Your Japan plan, audited before it becomes expensive.

Japan Toolkit turns a spreadsheet of Tokyo, Kyoto, Osaka, trains, tickets, hotels, and must-eats into a route that actually works. Start with itinerary examples, then check the costly assumptions: JR Pass value, Tokyo base, data setup, budget, and pacing.

Route board

1

Tokyo · 4 nights · west-side base

2

Hakone · 1 night · onsen reset

3

Kyoto · 4 nights · temples + Nara

4

Osaka · 3 nights · food + USJ

5

Hiroshima · 2 nights · maybe rail pass

Assumption check: a Tokyo–Kyoto–Osaka loop is often cheaper with individual tickets.
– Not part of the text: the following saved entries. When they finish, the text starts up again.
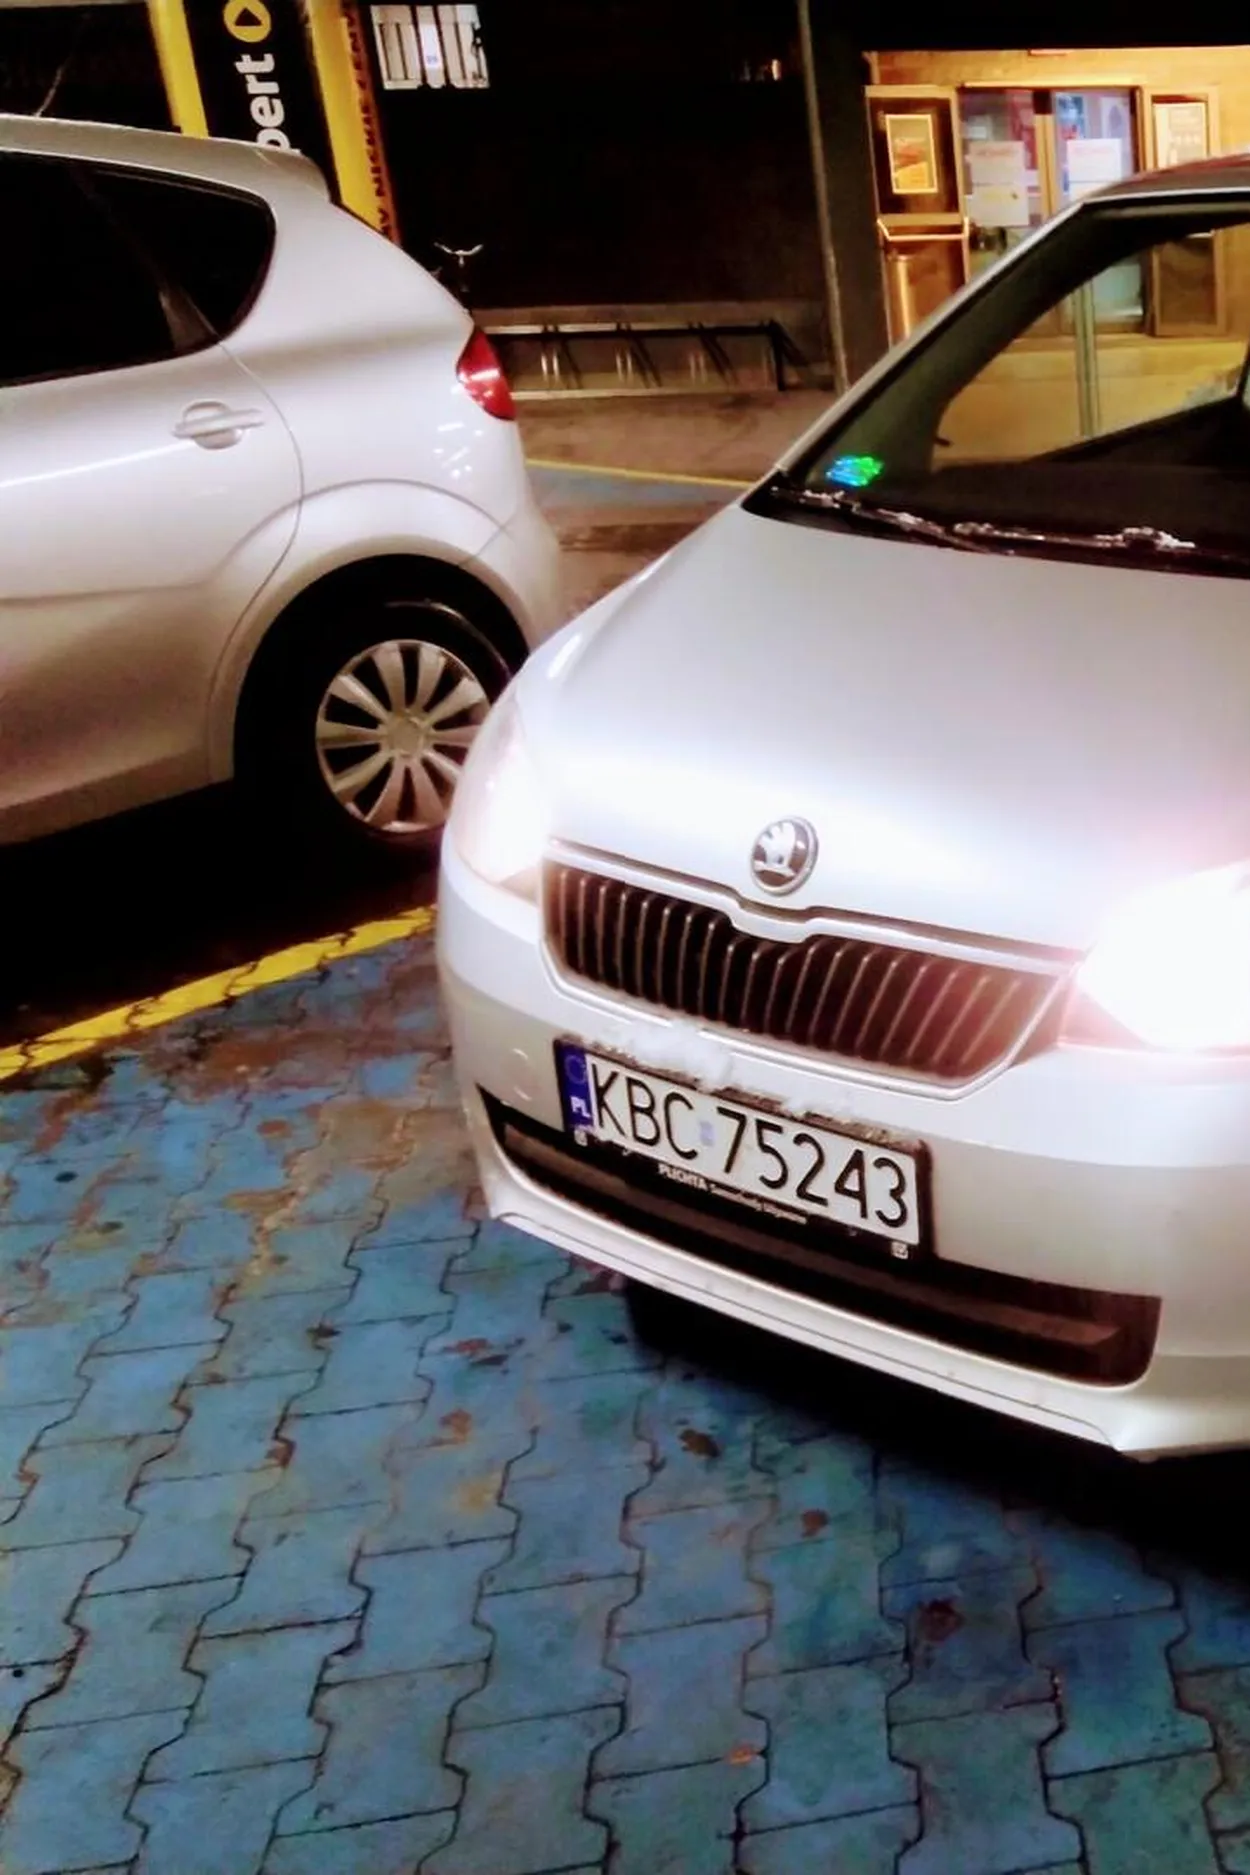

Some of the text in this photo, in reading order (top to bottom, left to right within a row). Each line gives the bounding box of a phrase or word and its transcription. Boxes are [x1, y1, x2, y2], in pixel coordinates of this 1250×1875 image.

[570, 1095, 592, 1119] PL
[590, 1062, 909, 1229] KBC 75243
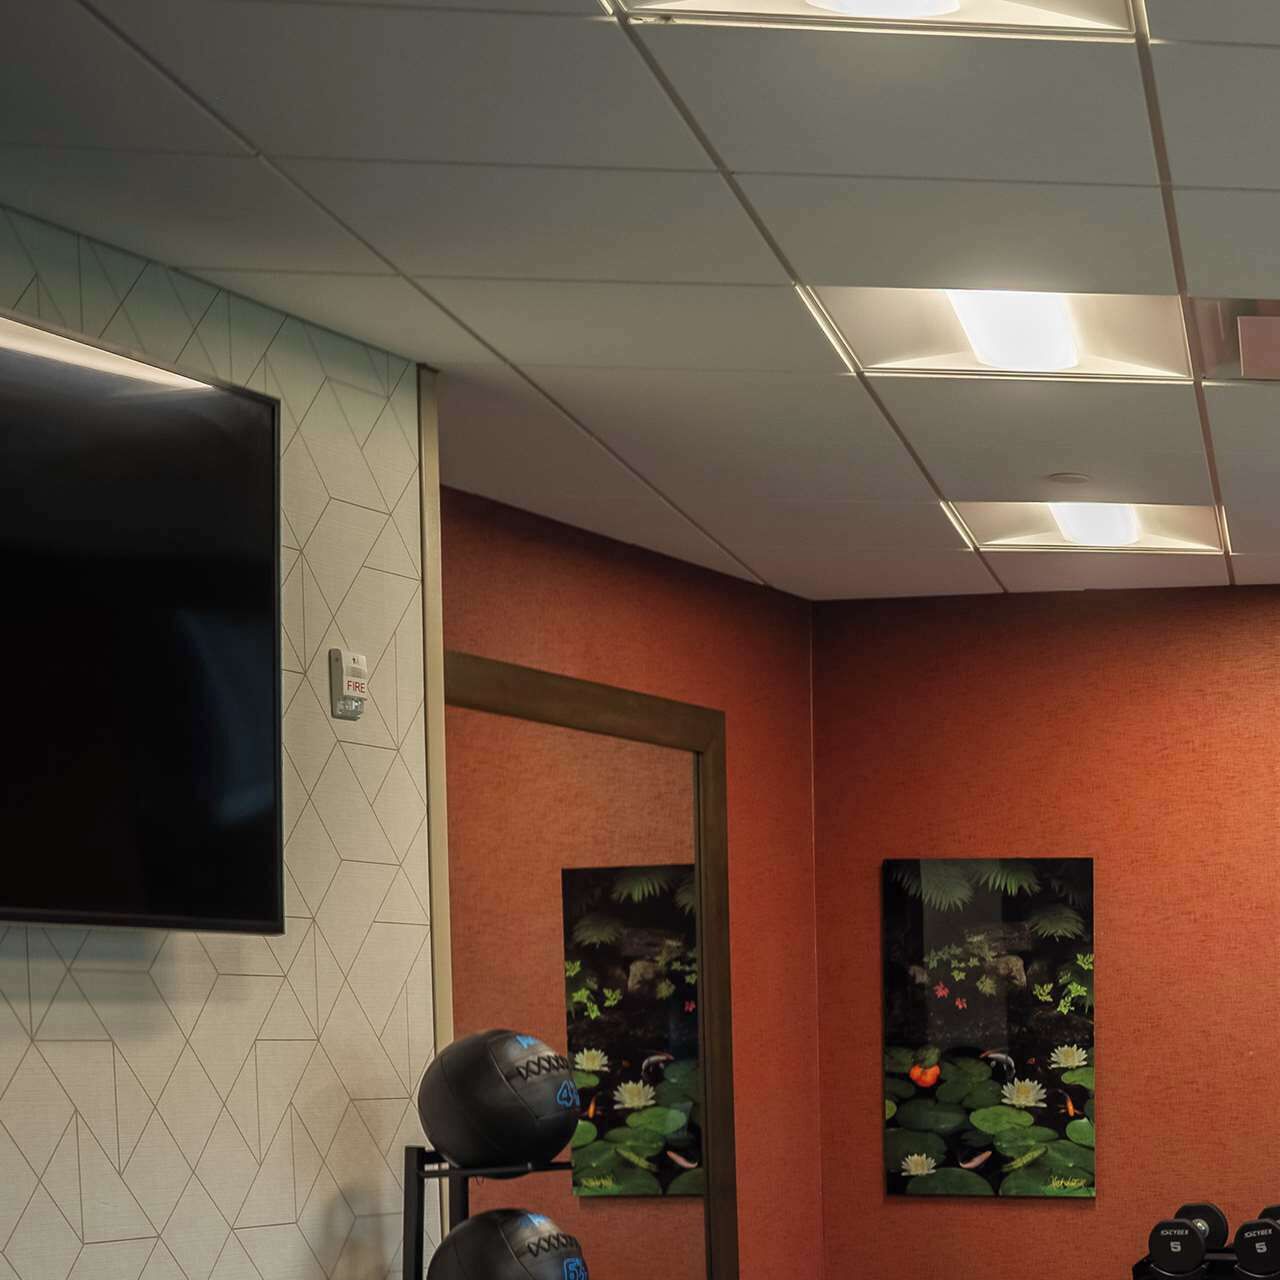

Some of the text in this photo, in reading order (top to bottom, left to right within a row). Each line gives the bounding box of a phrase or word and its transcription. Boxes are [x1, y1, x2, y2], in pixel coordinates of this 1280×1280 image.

[346, 680, 366, 694] FIRE
[1170, 1242, 1181, 1252] 5
[1256, 1242, 1267, 1252] 5
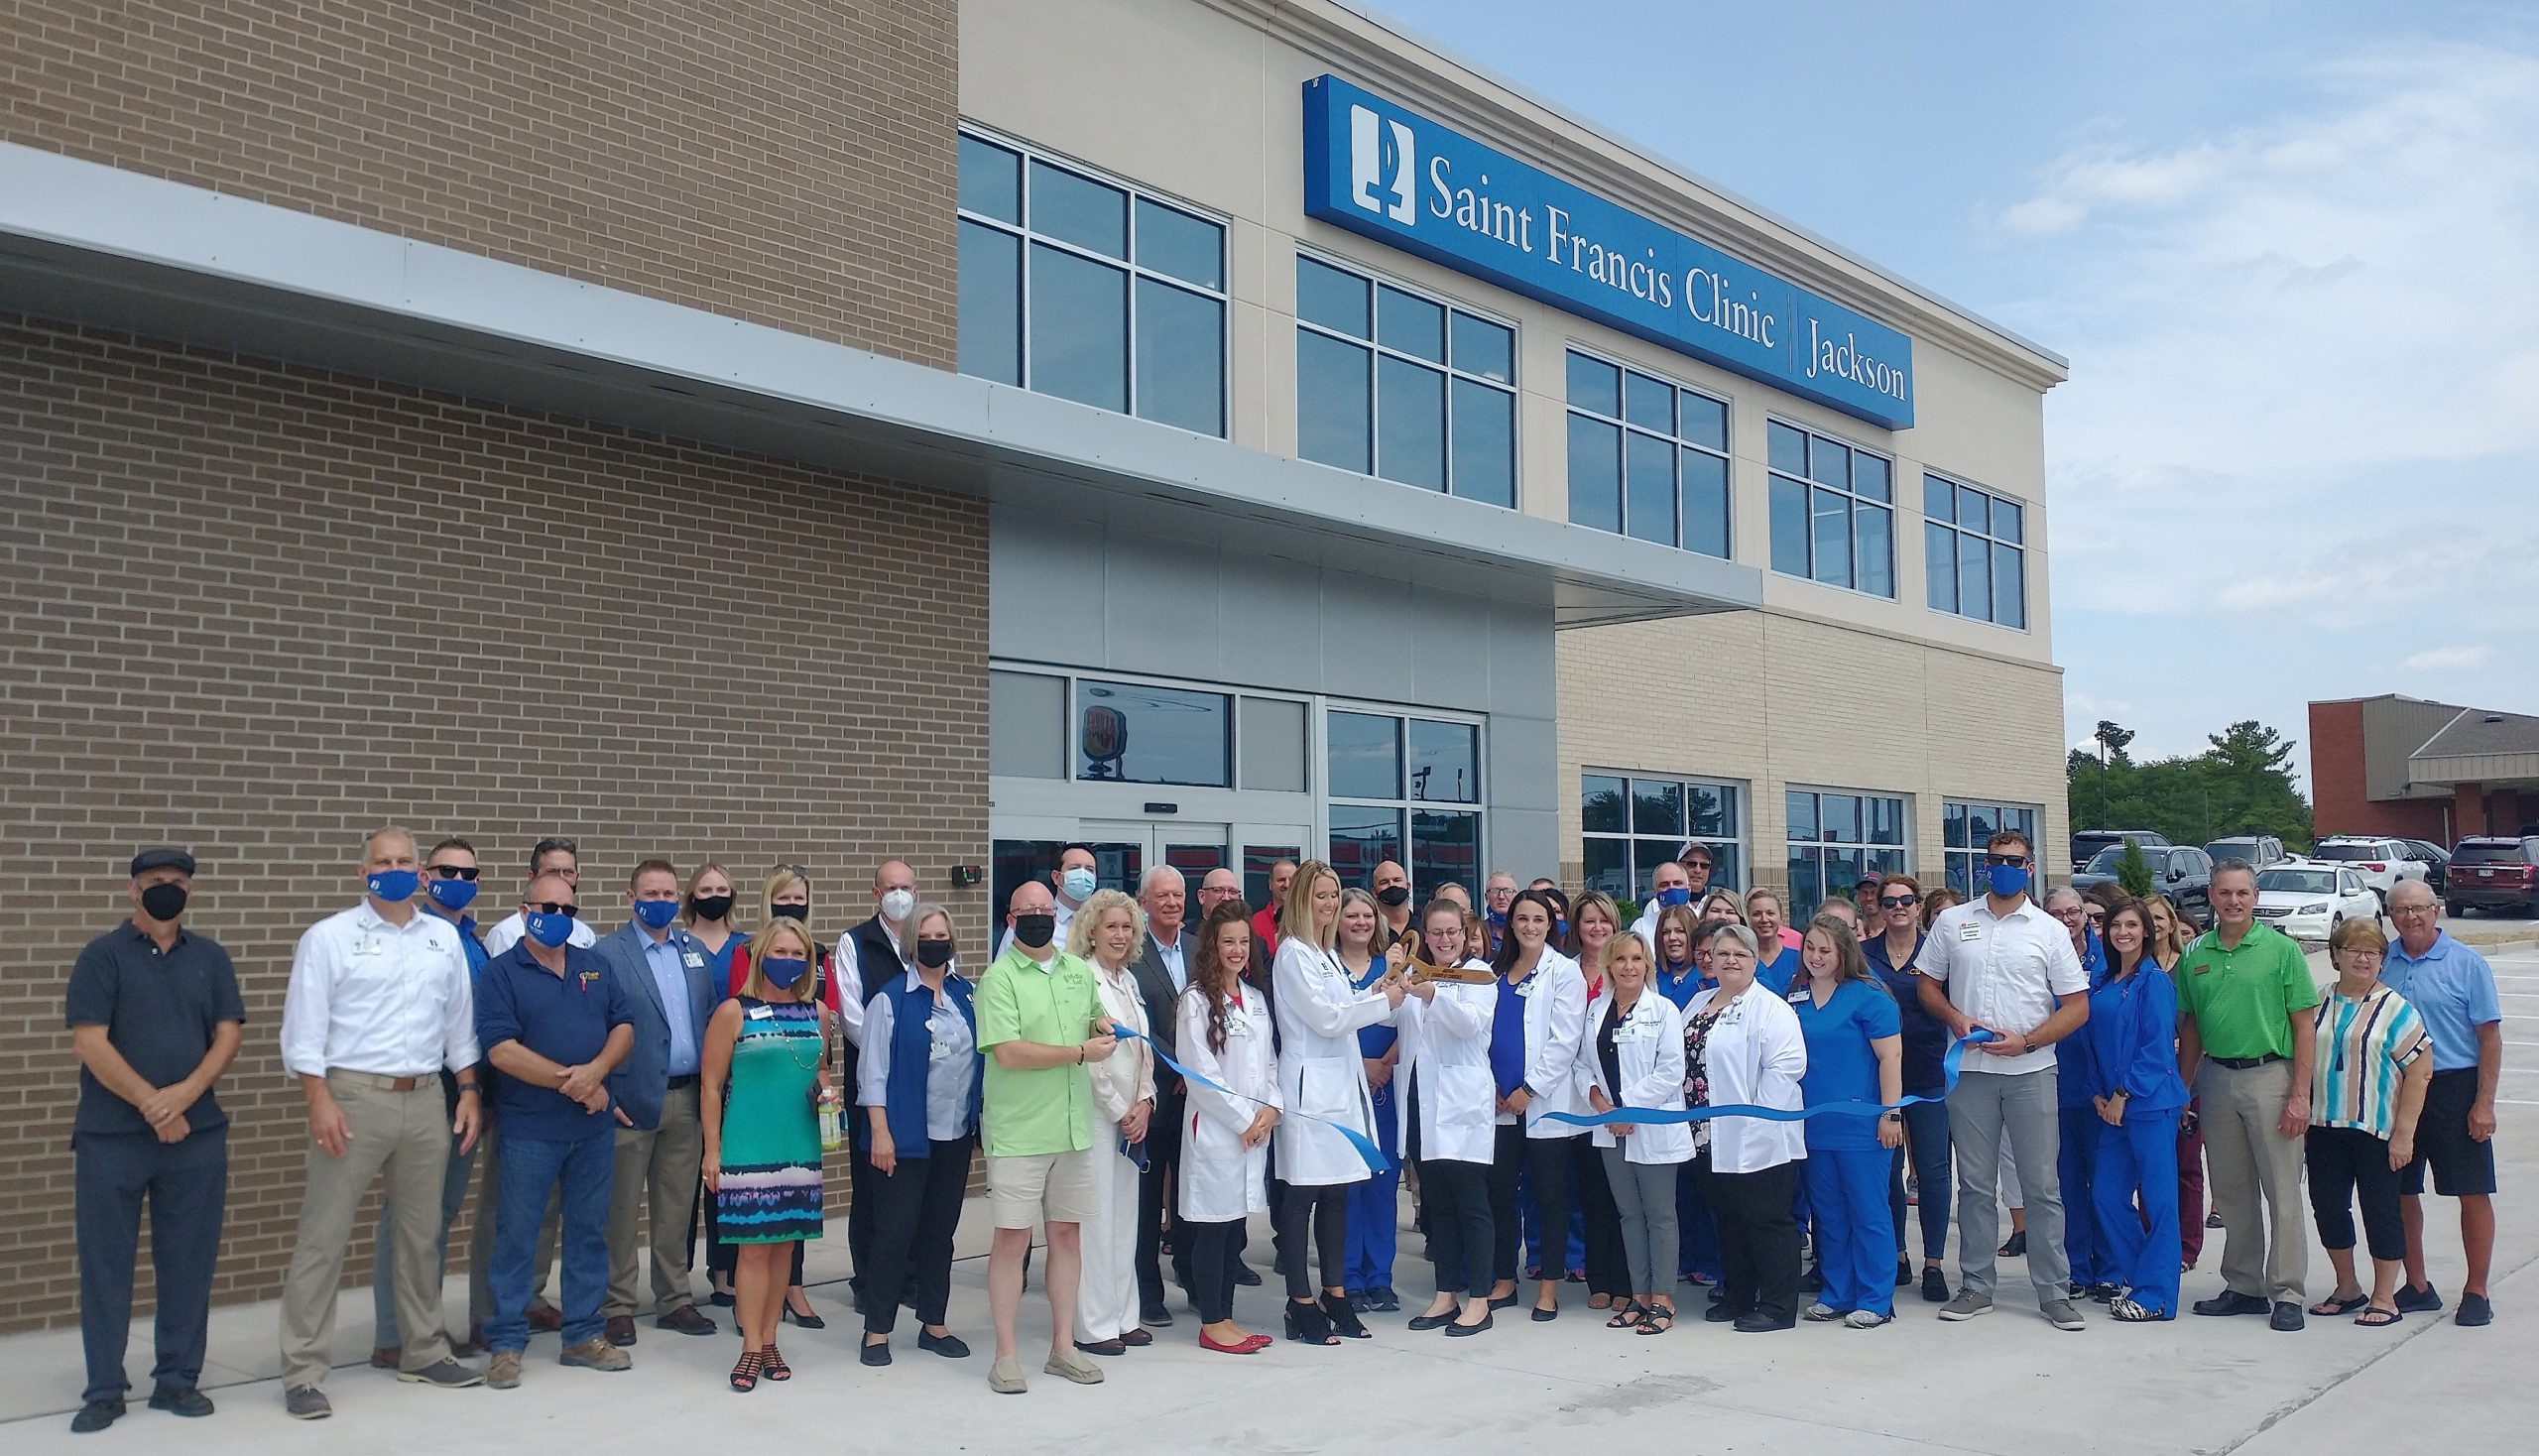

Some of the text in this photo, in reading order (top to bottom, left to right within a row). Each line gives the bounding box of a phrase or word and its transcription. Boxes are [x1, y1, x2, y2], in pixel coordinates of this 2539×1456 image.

[1429, 156, 1907, 402] Saint Francis Clinic Jackson
Add Hiroshima, Kanazawa, Nagano, or a tight 7-day long-distance window before assuming the JR Pass wins.
japan trip planner: 12k US searches/mo
japan itinerary 2 weeks: 8.1k/mo, KD 19
jr pass worth it: 14k/mo
where to stay in Tokyo first time: 5.4k/mo

Mistakes we catch

The enemy is not planning. It is false confidence.

Japan advice often looks polished while hiding the real constraints: pass math, hotel base fit, queue deadlines, weather, luggage, and human energy. These are the failure modes Japan Toolkit is built around.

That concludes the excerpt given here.